===== Data supplied

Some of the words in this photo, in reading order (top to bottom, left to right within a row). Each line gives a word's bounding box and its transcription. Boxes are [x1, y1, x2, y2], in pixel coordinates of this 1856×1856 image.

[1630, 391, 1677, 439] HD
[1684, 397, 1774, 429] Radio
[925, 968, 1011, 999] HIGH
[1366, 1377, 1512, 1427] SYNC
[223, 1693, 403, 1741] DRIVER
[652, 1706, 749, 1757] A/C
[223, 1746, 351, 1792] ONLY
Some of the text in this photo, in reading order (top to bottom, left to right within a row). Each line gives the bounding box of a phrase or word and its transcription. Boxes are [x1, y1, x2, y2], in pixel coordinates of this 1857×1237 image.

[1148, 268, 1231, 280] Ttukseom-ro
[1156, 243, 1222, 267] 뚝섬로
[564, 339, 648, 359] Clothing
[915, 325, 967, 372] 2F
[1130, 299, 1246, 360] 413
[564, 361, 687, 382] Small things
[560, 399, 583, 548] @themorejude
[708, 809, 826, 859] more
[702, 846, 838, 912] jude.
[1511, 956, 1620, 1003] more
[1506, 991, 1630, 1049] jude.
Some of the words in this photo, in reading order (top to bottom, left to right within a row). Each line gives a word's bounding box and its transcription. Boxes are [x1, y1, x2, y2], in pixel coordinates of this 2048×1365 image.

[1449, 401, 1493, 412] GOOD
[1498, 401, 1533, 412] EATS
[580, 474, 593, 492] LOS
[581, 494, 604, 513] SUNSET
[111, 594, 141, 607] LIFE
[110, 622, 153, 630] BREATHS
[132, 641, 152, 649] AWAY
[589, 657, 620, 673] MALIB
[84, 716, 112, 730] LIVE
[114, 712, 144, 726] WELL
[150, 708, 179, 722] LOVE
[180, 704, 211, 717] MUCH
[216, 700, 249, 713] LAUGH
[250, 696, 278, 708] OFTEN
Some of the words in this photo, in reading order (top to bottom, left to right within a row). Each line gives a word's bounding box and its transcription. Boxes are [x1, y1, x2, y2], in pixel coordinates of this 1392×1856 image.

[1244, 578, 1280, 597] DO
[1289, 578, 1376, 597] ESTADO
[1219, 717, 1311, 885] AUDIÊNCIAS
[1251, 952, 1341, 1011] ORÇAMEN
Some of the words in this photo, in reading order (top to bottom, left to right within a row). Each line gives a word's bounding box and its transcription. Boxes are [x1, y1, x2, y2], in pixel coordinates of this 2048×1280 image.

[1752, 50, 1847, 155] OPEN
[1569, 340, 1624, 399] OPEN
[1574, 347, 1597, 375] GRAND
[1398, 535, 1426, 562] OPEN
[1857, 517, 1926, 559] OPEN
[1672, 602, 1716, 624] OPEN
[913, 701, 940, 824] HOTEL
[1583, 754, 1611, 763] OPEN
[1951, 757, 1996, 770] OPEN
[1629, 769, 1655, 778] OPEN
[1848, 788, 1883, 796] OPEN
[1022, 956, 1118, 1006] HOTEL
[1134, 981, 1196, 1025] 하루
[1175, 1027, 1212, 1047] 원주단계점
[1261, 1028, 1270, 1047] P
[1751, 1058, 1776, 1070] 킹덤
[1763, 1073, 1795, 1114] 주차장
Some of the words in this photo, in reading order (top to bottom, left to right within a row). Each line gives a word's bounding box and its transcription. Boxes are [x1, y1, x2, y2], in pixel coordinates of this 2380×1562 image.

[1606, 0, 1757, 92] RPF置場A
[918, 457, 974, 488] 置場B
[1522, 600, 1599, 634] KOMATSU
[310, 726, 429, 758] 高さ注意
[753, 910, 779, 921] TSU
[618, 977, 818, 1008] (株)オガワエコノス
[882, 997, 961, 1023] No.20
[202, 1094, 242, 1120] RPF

==========

▶ [Exercise instructions]: Transcribe each of the records verbatim.

▶ [Exercise solution]:
Some of the words in this photo, in reading order (top to bottom, left to right within a row). Each line gives a word's bounding box and its transcription. Boxes are [x1, y1, x2, y2], in pixel coordinates of this 1856×1856 image.

[1630, 391, 1677, 439] HD
[1684, 397, 1774, 429] Radio
[925, 968, 1011, 999] HIGH
[1366, 1377, 1512, 1427] SYNC
[223, 1693, 403, 1741] DRIVER
[652, 1706, 749, 1757] A/C
[223, 1746, 351, 1792] ONLY
Some of the text in this photo, in reading order (top to bottom, left to right within a row). Each line gives the bounding box of a phrase or word and its transcription. Boxes are [x1, y1, x2, y2], in pixel coordinates of this 1857×1237 image.

[1148, 268, 1231, 280] Ttukseom-ro
[1156, 243, 1222, 267] 뚝섬로
[564, 339, 648, 359] Clothing
[915, 325, 967, 372] 2F
[1130, 299, 1246, 360] 413
[564, 361, 687, 382] Small things
[560, 399, 583, 548] @themorejude
[708, 809, 826, 859] more
[702, 846, 838, 912] jude.
[1511, 956, 1620, 1003] more
[1506, 991, 1630, 1049] jude.
Some of the words in this photo, in reading order (top to bottom, left to right within a row). Each line gives a word's bounding box and its transcription. Boxes are [x1, y1, x2, y2], in pixel coordinates of this 2048×1365 image.

[1449, 401, 1493, 412] GOOD
[1498, 401, 1533, 412] EATS
[580, 474, 593, 492] LOS
[581, 494, 604, 513] SUNSET
[111, 594, 141, 607] LIFE
[110, 622, 153, 630] BREATHS
[132, 641, 152, 649] AWAY
[589, 657, 620, 673] MALIB
[84, 716, 112, 730] LIVE
[114, 712, 144, 726] WELL
[150, 708, 179, 722] LOVE
[180, 704, 211, 717] MUCH
[216, 700, 249, 713] LAUGH
[250, 696, 278, 708] OFTEN
Some of the words in this photo, in reading order (top to bottom, left to right within a row). Each line gives a word's bounding box and its transcription. Boxes are [x1, y1, x2, y2], in pixel coordinates of this 1392×1856 image.

[1244, 578, 1280, 597] DO
[1289, 578, 1376, 597] ESTADO
[1219, 717, 1311, 885] AUDIÊNCIAS
[1251, 952, 1341, 1011] ORÇAMEN
Some of the words in this photo, in reading order (top to bottom, left to right within a row). Each line gives a word's bounding box and its transcription. Boxes are [x1, y1, x2, y2], in pixel coordinates of this 2048×1280 image.

[1752, 50, 1847, 155] OPEN
[1569, 340, 1624, 399] OPEN
[1574, 347, 1597, 375] GRAND
[1398, 535, 1426, 562] OPEN
[1857, 517, 1926, 559] OPEN
[1672, 602, 1716, 624] OPEN
[913, 701, 940, 824] HOTEL
[1583, 754, 1611, 763] OPEN
[1951, 757, 1996, 770] OPEN
[1629, 769, 1655, 778] OPEN
[1848, 788, 1883, 796] OPEN
[1022, 956, 1118, 1006] HOTEL
[1134, 981, 1196, 1025] 하루
[1175, 1027, 1212, 1047] 원주단계점
[1261, 1028, 1270, 1047] P
[1751, 1058, 1776, 1070] 킹덤
[1763, 1073, 1795, 1114] 주차장
Some of the words in this photo, in reading order (top to bottom, left to right within a row). Each line gives a word's bounding box and its transcription. Boxes are [x1, y1, x2, y2], in pixel coordinates of this 2380×1562 image.

[1606, 0, 1757, 92] RPF置場A
[918, 457, 974, 488] 置場B
[1522, 600, 1599, 634] KOMATSU
[310, 726, 429, 758] 高さ注意
[753, 910, 779, 921] TSU
[618, 977, 818, 1008] (株)オガワエコノス
[882, 997, 961, 1023] No.20
[202, 1094, 242, 1120] RPF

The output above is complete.